* [EXERCISE]: Would you set down every entry again, exactly as written?

* [DATA SHOWN]:
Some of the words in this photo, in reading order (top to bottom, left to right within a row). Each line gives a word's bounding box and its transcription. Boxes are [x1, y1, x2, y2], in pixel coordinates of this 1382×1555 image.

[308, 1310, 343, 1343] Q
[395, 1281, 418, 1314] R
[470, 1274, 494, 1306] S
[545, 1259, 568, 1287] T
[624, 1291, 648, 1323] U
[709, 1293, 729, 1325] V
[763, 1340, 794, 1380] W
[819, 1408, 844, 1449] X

* [YOUR SOLUTION]:
Some of the words in this photo, in reading order (top to bottom, left to right within a row). Each line gives a word's bounding box and its transcription. Boxes are [x1, y1, x2, y2], in pixel coordinates of this 1382×1555 image.

[308, 1310, 343, 1343] Q
[395, 1281, 418, 1314] R
[470, 1274, 494, 1306] S
[545, 1259, 568, 1287] T
[624, 1291, 648, 1323] U
[709, 1293, 729, 1325] V
[763, 1340, 794, 1380] W
[819, 1408, 844, 1449] X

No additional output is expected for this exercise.